Problem description — All of the data should be given again word for word, though the images are to be left out.
◆ ◆ ◆
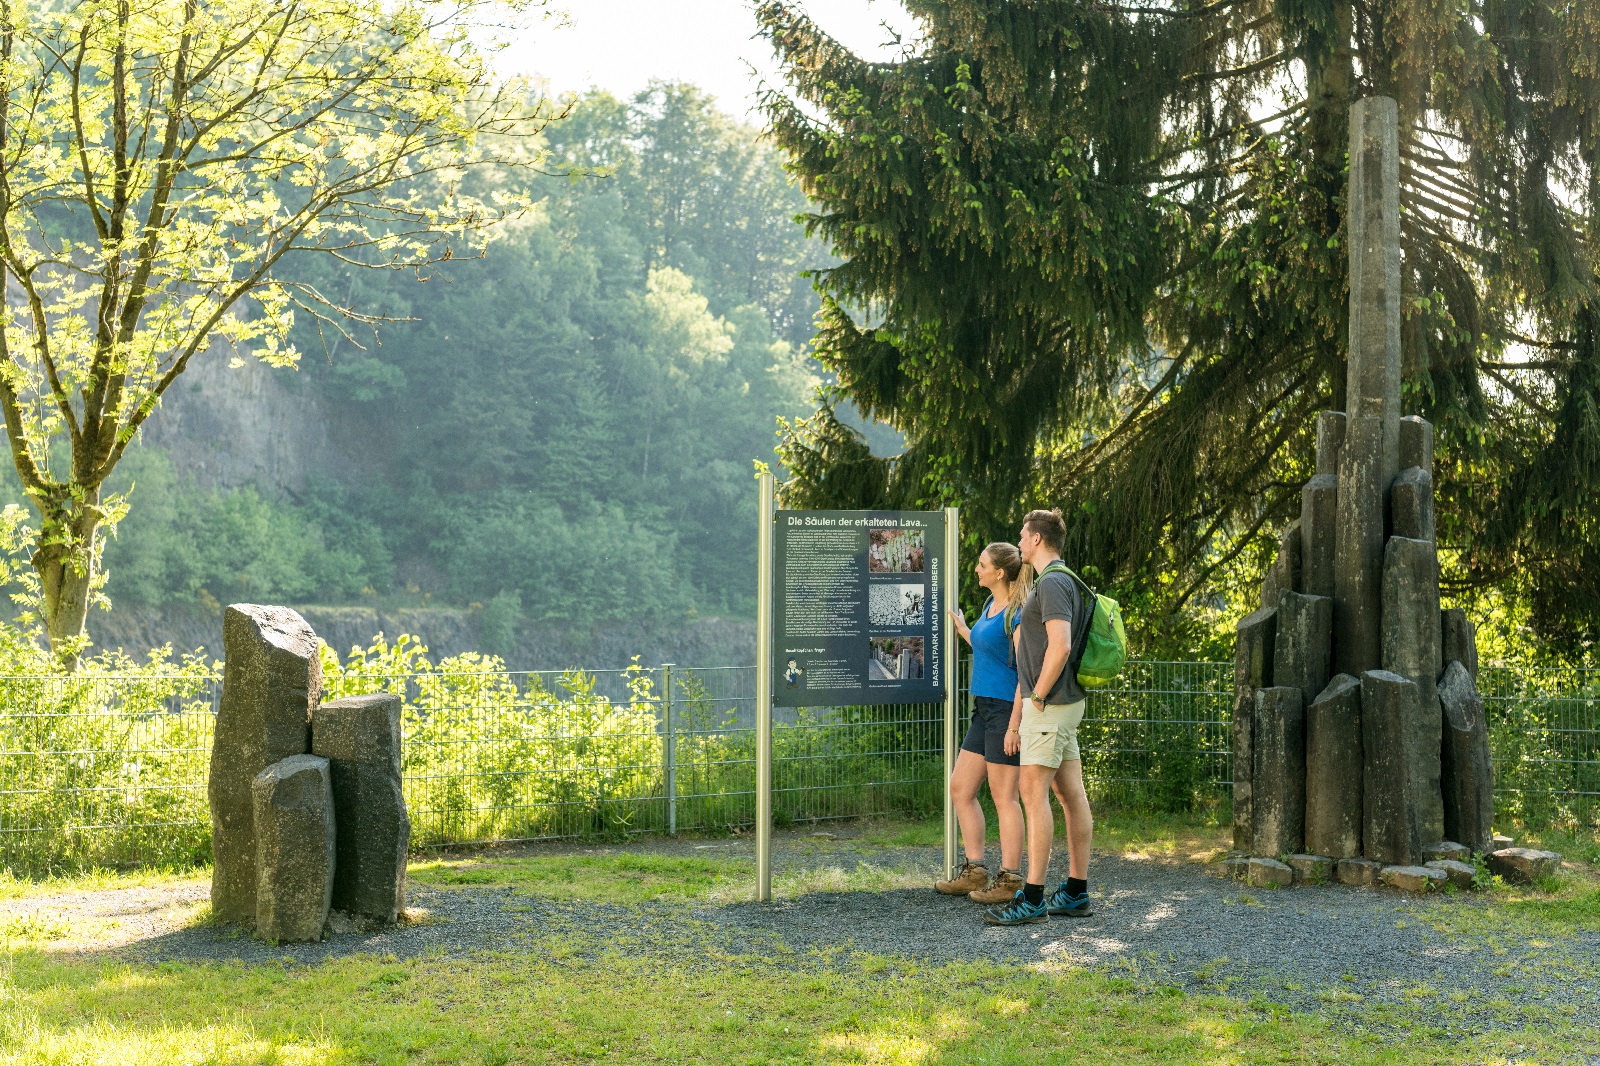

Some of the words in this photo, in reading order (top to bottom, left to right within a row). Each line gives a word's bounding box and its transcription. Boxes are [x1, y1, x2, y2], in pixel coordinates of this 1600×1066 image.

[788, 516, 802, 526] Die
[805, 516, 836, 526] Säulen
[838, 517, 853, 526] der
[855, 517, 898, 527] erkalteten
[931, 613, 939, 631] BAD
[931, 633, 939, 687] BASALTPARK
◆ ◆ ◆
Written answer —
Some of the words in this photo, in reading order (top to bottom, left to right within a row). Each line gives a word's bounding box and its transcription. Boxes are [x1, y1, x2, y2], in pixel coordinates of this 1600×1066 image.

[788, 516, 802, 526] Die
[805, 516, 836, 526] Säulen
[838, 517, 853, 526] der
[855, 517, 898, 527] erkalteten
[931, 613, 939, 631] BAD
[931, 633, 939, 687] BASALTPARK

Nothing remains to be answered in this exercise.